(Dataset records)
►

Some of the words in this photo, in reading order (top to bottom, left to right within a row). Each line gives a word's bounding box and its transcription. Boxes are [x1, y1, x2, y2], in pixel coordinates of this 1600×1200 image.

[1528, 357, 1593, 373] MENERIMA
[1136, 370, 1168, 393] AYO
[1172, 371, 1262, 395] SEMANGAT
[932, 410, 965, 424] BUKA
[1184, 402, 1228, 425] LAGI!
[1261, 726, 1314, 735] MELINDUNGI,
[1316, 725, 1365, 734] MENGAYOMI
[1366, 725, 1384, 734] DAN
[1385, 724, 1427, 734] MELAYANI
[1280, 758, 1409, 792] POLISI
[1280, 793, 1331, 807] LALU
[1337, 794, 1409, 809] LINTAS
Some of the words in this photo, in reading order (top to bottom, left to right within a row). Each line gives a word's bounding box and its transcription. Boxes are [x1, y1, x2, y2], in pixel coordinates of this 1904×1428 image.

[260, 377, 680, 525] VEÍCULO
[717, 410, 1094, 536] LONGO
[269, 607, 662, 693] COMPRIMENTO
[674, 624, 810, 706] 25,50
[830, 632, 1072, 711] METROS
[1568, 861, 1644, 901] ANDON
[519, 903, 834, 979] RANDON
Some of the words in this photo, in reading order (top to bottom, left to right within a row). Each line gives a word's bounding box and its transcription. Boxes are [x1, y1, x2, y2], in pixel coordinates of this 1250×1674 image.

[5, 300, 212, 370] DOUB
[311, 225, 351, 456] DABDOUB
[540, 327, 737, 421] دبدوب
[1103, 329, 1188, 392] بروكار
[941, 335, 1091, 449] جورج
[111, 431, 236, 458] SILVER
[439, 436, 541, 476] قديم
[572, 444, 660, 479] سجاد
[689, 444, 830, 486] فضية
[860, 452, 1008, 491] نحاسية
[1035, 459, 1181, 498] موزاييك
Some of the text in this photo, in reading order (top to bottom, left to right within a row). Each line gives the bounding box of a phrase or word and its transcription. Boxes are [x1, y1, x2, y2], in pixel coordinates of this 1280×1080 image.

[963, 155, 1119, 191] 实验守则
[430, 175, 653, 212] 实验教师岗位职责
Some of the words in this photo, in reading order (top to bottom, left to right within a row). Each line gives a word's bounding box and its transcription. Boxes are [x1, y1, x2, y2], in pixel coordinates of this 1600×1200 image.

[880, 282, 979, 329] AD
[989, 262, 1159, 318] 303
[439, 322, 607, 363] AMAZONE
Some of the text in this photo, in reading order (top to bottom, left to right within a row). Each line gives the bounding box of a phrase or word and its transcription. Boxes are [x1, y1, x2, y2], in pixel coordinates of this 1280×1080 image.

◄

**Problem details:**
Reproduce all of the data exactly as given.

**Task output:**
Some of the words in this photo, in reading order (top to bottom, left to right within a row). Each line gives a word's bounding box and its transcription. Boxes are [x1, y1, x2, y2], in pixel coordinates of this 1600×1200 image.

[1528, 357, 1593, 373] MENERIMA
[1136, 370, 1168, 393] AYO
[1172, 371, 1262, 395] SEMANGAT
[932, 410, 965, 424] BUKA
[1184, 402, 1228, 425] LAGI!
[1261, 726, 1314, 735] MELINDUNGI,
[1316, 725, 1365, 734] MENGAYOMI
[1366, 725, 1384, 734] DAN
[1385, 724, 1427, 734] MELAYANI
[1280, 758, 1409, 792] POLISI
[1280, 793, 1331, 807] LALU
[1337, 794, 1409, 809] LINTAS
Some of the words in this photo, in reading order (top to bottom, left to right within a row). Each line gives a word's bounding box and its transcription. Boxes are [x1, y1, x2, y2], in pixel coordinates of this 1904×1428 image.

[260, 377, 680, 525] VEÍCULO
[717, 410, 1094, 536] LONGO
[269, 607, 662, 693] COMPRIMENTO
[674, 624, 810, 706] 25,50
[830, 632, 1072, 711] METROS
[1568, 861, 1644, 901] ANDON
[519, 903, 834, 979] RANDON
Some of the words in this photo, in reading order (top to bottom, left to right within a row). Each line gives a word's bounding box and its transcription. Boxes are [x1, y1, x2, y2], in pixel coordinates of this 1250×1674 image.

[5, 300, 212, 370] DOUB
[311, 225, 351, 456] DABDOUB
[540, 327, 737, 421] دبدوب
[1103, 329, 1188, 392] بروكار
[941, 335, 1091, 449] جورج
[111, 431, 236, 458] SILVER
[439, 436, 541, 476] قديم
[572, 444, 660, 479] سجاد
[689, 444, 830, 486] فضية
[860, 452, 1008, 491] نحاسية
[1035, 459, 1181, 498] موزاييك
Some of the text in this photo, in reading order (top to bottom, left to right within a row). Each line gives the bounding box of a phrase or word and its transcription. Boxes are [x1, y1, x2, y2], in pixel coordinates of this 1280×1080 image.

[963, 155, 1119, 191] 实验守则
[430, 175, 653, 212] 实验教师岗位职责
Some of the words in this photo, in reading order (top to bottom, left to right within a row). Each line gives a word's bounding box and its transcription. Boxes are [x1, y1, x2, y2], in pixel coordinates of this 1600×1200 image.

[880, 282, 979, 329] AD
[989, 262, 1159, 318] 303
[439, 322, 607, 363] AMAZONE
Some of the text in this photo, in reading order (top to bottom, left to right within a row). Each line gives the bounding box of a phrase or word and its transcription. Boxes are [x1, y1, x2, y2], in pixel coordinates of this 1280×1080 image.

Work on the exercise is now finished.